[Annotated photo localization data]
'''
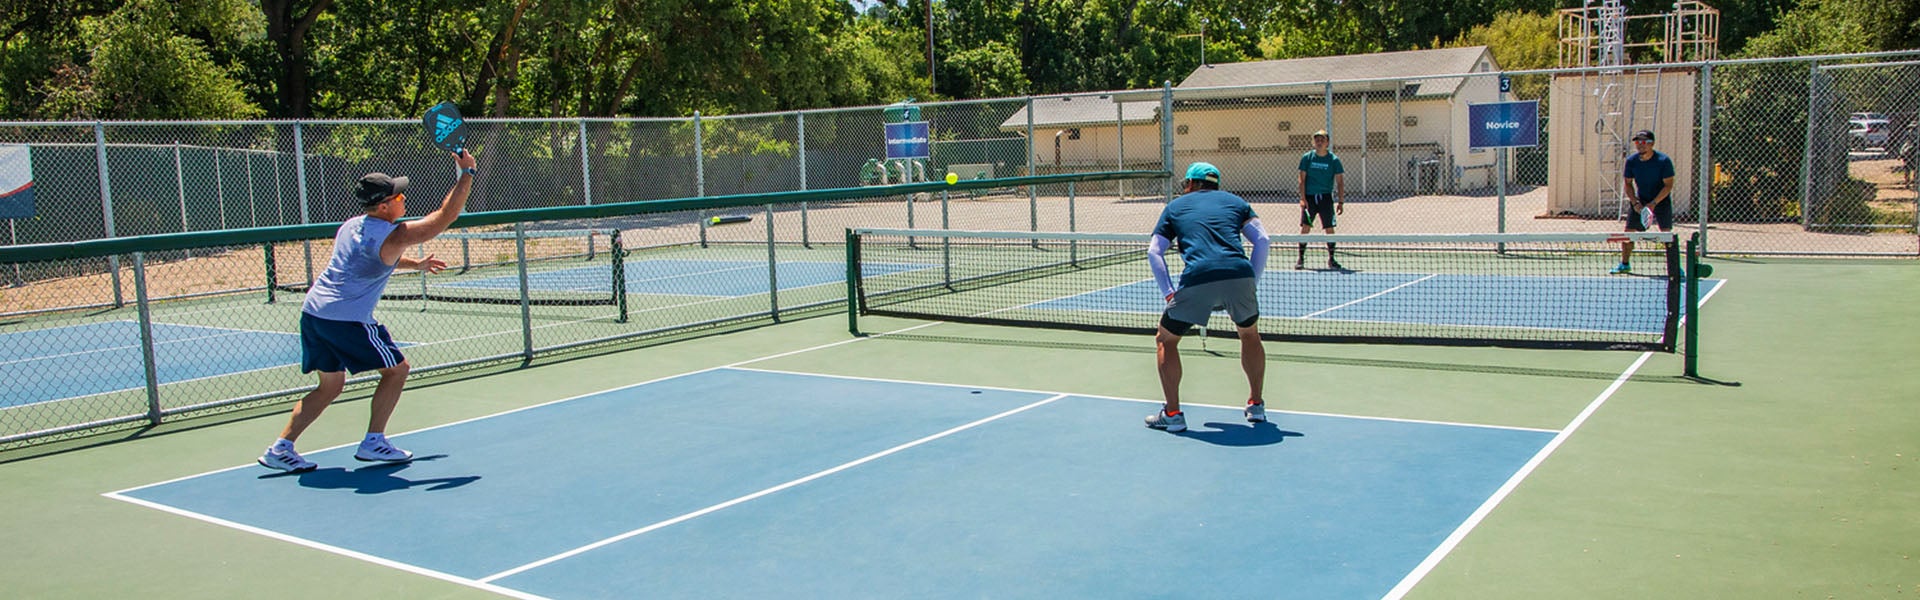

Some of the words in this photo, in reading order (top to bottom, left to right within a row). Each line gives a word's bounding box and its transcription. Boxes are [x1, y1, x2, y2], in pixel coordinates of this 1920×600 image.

[1501, 79, 1509, 91] 3
[435, 118, 463, 143] adidas
[1485, 120, 1520, 130] Novice
[888, 136, 927, 145] Intermediate
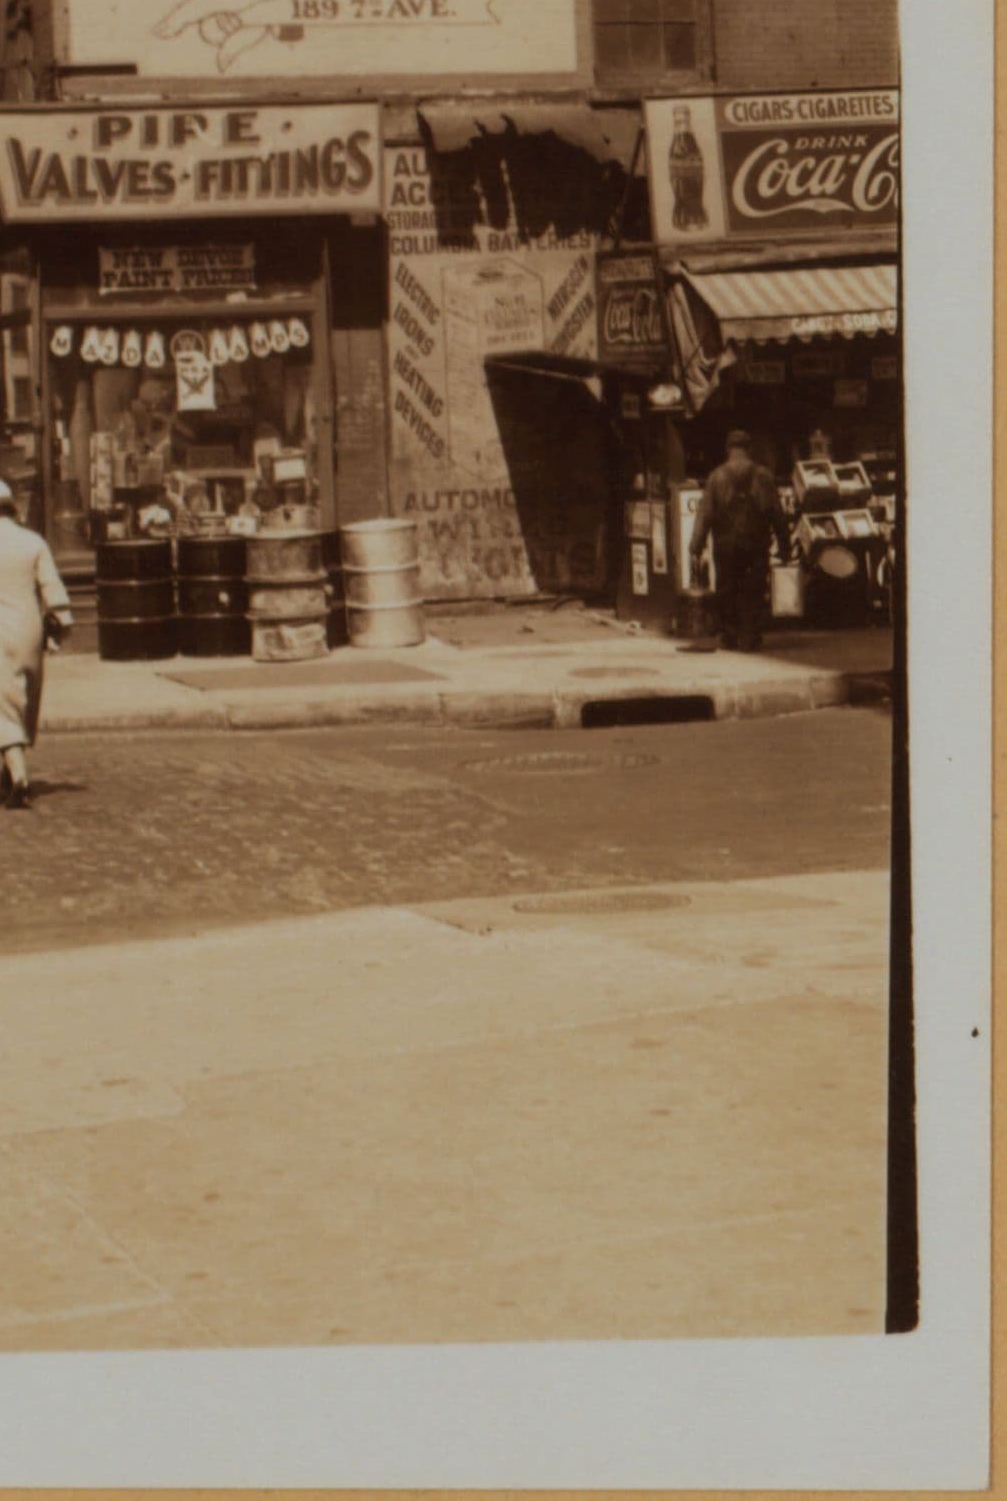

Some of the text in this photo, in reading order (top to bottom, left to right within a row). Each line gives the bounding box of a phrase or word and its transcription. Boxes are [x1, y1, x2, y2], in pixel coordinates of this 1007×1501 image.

[92, 111, 263, 149] PIPE
[732, 96, 894, 122] CIGARS CIGARETTES
[7, 130, 375, 207] VALVES FITTINGS
[796, 134, 869, 150] DRINK
[395, 262, 441, 325] ELECTRIC
[395, 302, 435, 356] IRONS
[395, 353, 444, 418] HEATING
[395, 390, 445, 460] DEVICES
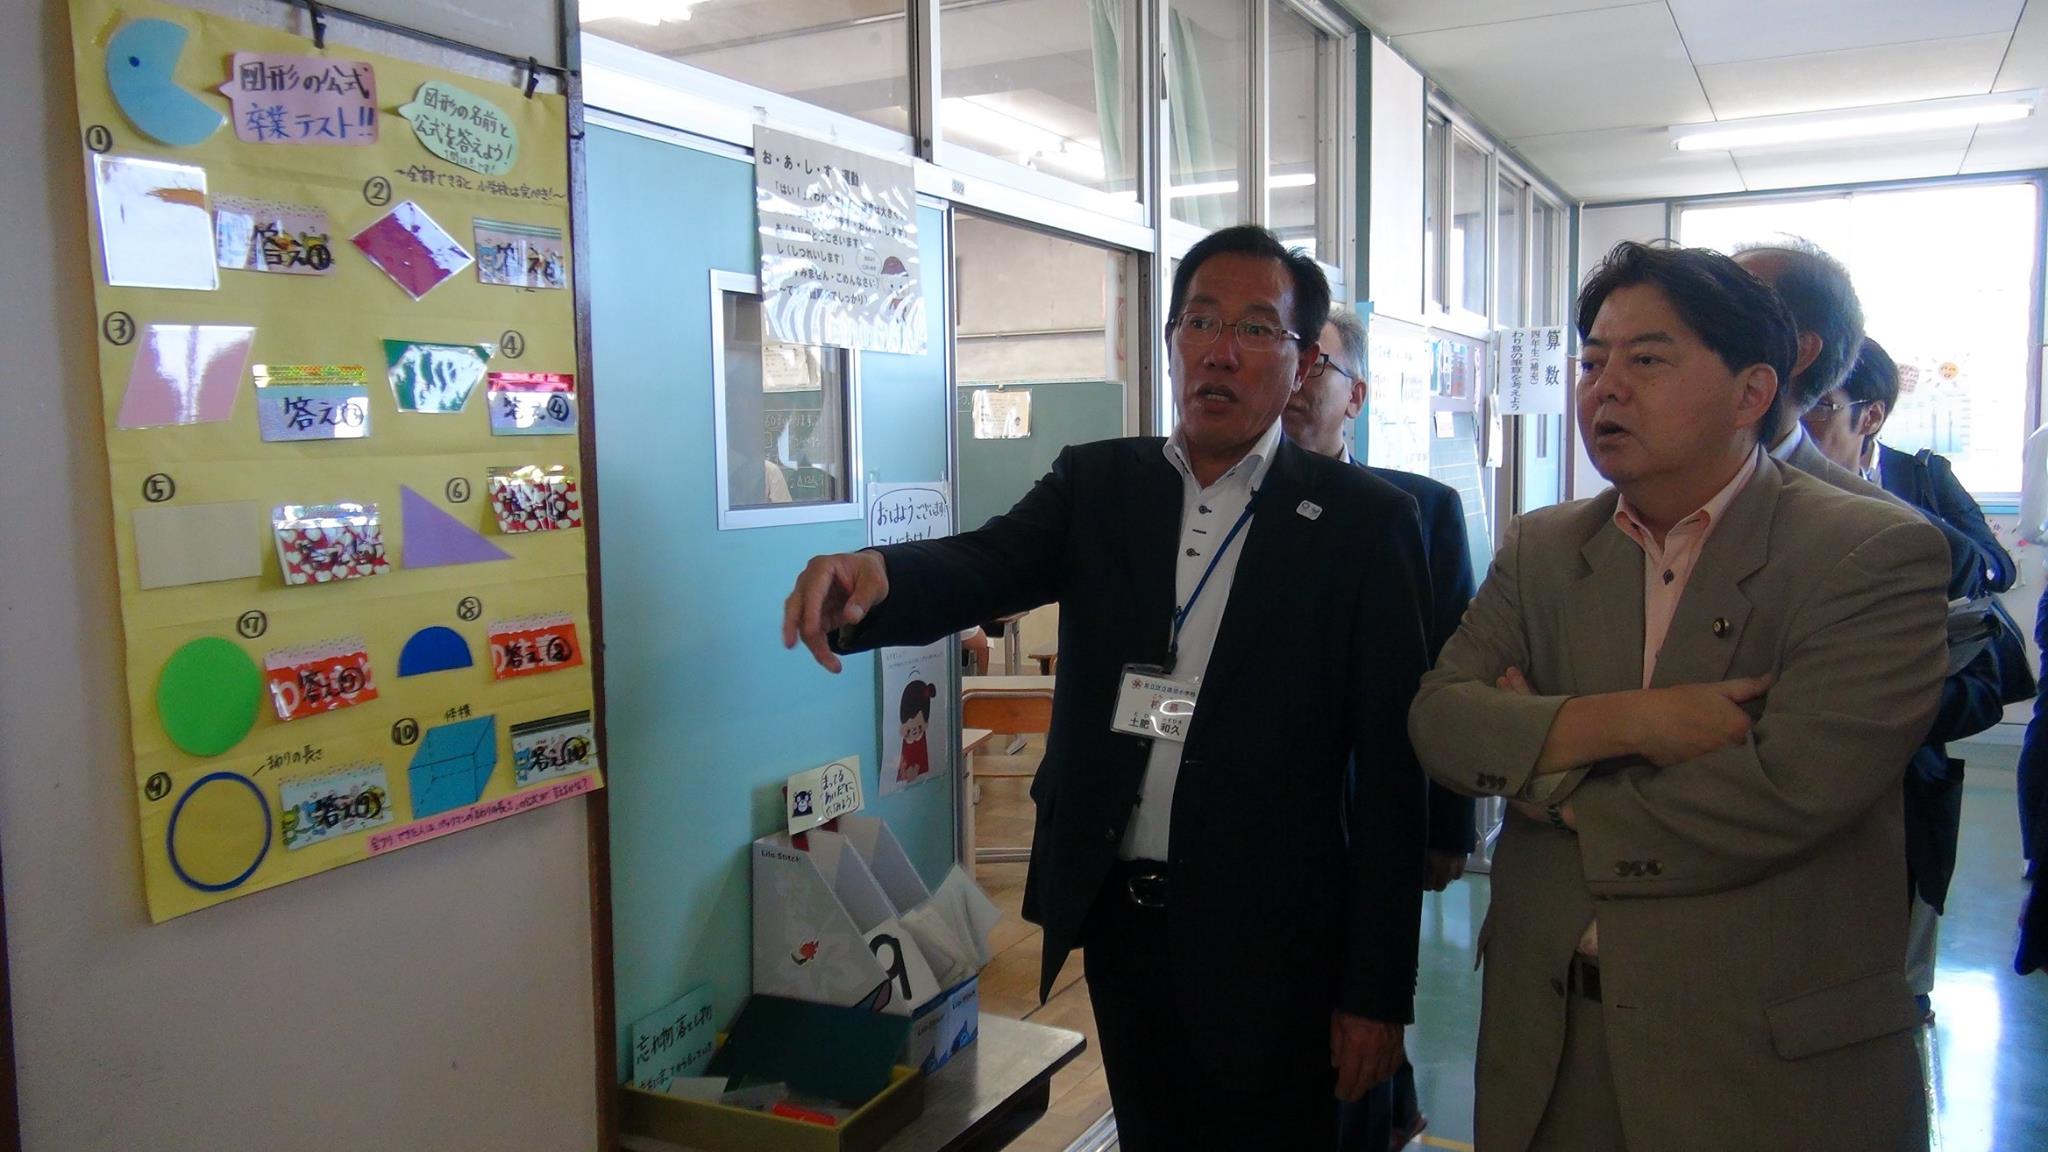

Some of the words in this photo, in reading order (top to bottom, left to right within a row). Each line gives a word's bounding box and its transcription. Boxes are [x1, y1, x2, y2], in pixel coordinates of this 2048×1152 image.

[424, 87, 511, 139] 図形の名前と
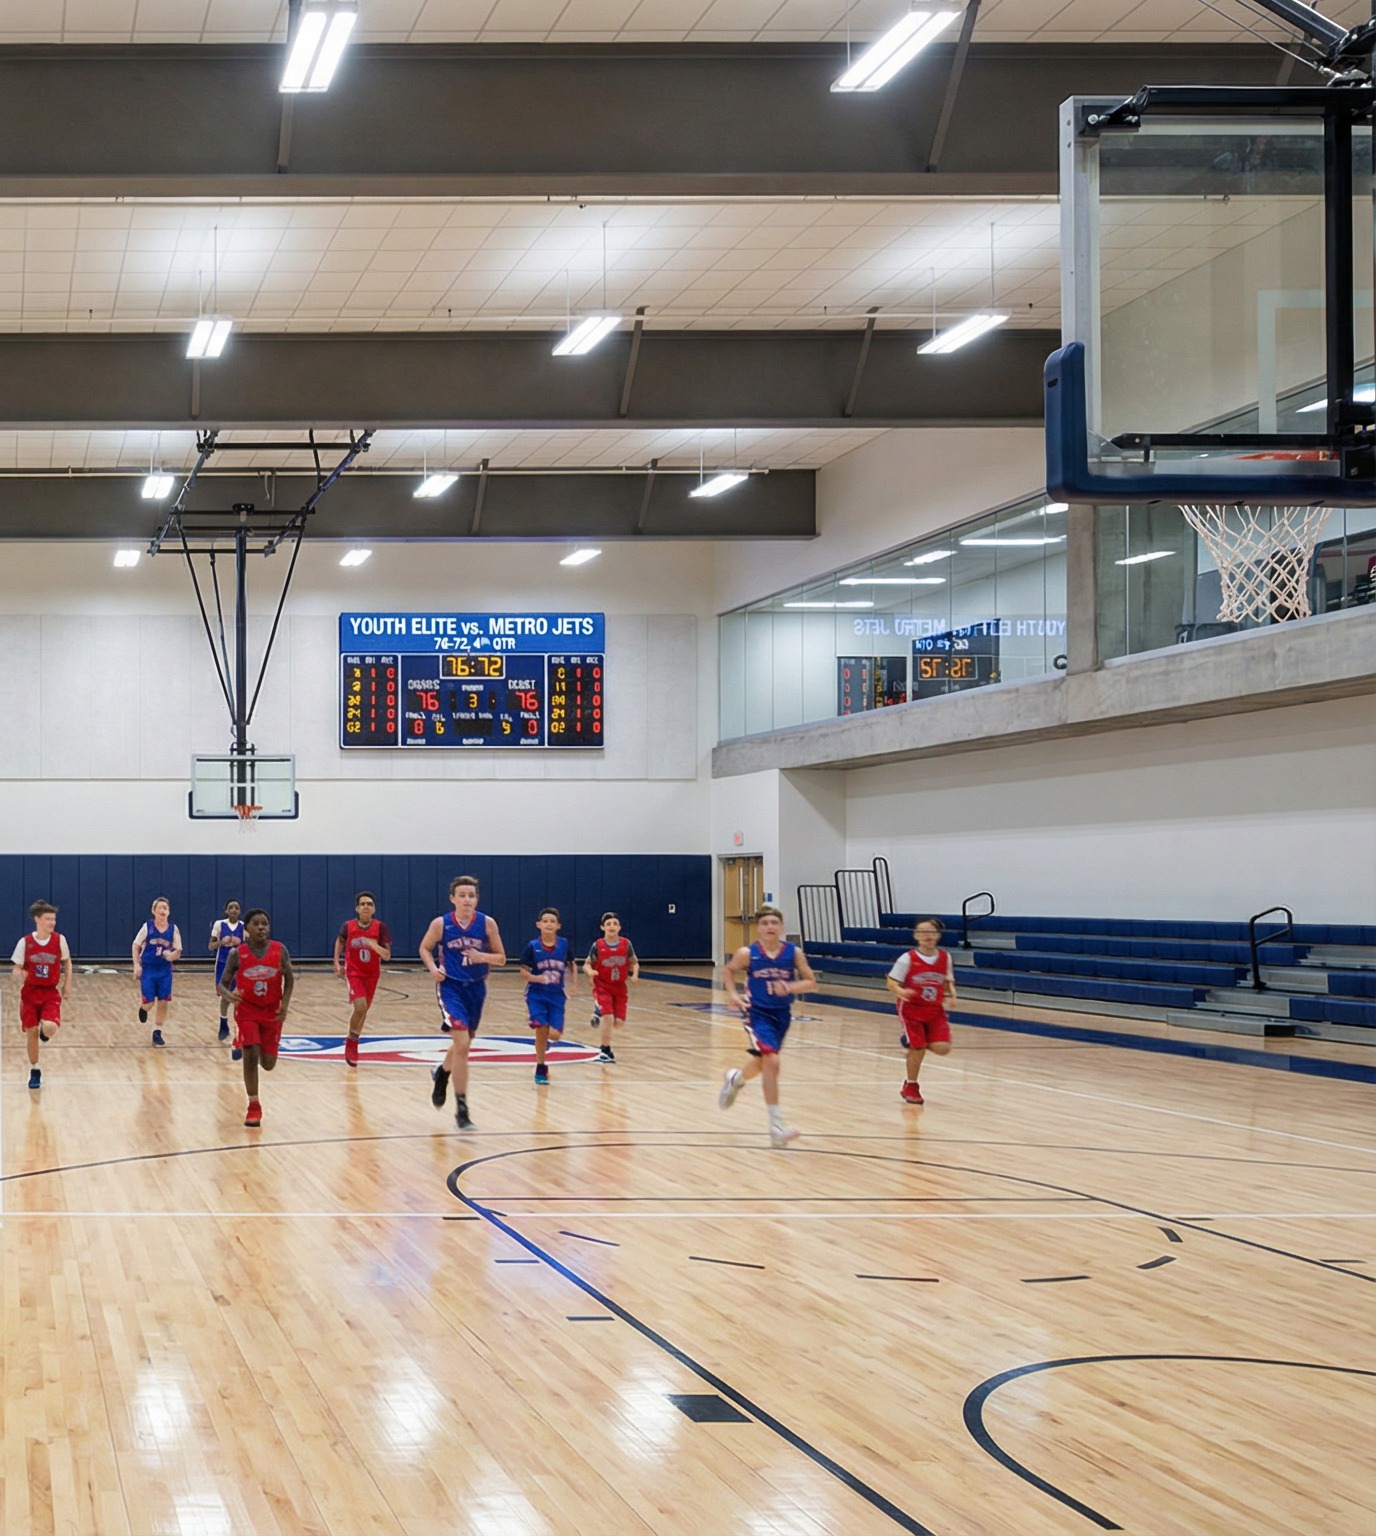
'''
HOW TO COMPLETE THIS TASK: Output the records above verbatim. Pictures stay out.

WORKED SOLUTION:
Some of the words in this photo, in reading order (top to bottom, left to right within a row). Each line gives a word's bounding box and its transcription. Boxes are [x1, y1, x2, y2], in pixel coordinates of this 1920×600 image.

[1501, 79, 1509, 91] 3
[435, 118, 463, 143] adidas
[1485, 120, 1520, 130] Novice
[888, 136, 927, 145] Intermediate

Some of the text in this photo, in reading order (top to bottom, left to right within a row). Each line gives the bounding box of a phrase or word and its transcription. Boxes are [x1, y1, x2, y2], in pixel coordinates of this 1007×1501 image.

[92, 111, 263, 149] PIPE
[732, 96, 894, 122] CIGARS CIGARETTES
[7, 130, 375, 207] VALVES FITTINGS
[796, 134, 869, 150] DRINK
[395, 262, 441, 325] ELECTRIC
[395, 302, 435, 356] IRONS
[395, 353, 444, 418] HEATING
[395, 390, 445, 460] DEVICES

Some of the words in this photo, in reading order (top to bottom, left to right within a row). Each line gives a word's bounding box and its transcription. Boxes are [x1, y1, x2, y2], in pixel coordinates of this 2048×1152 image.

[424, 87, 511, 139] 図形の名前と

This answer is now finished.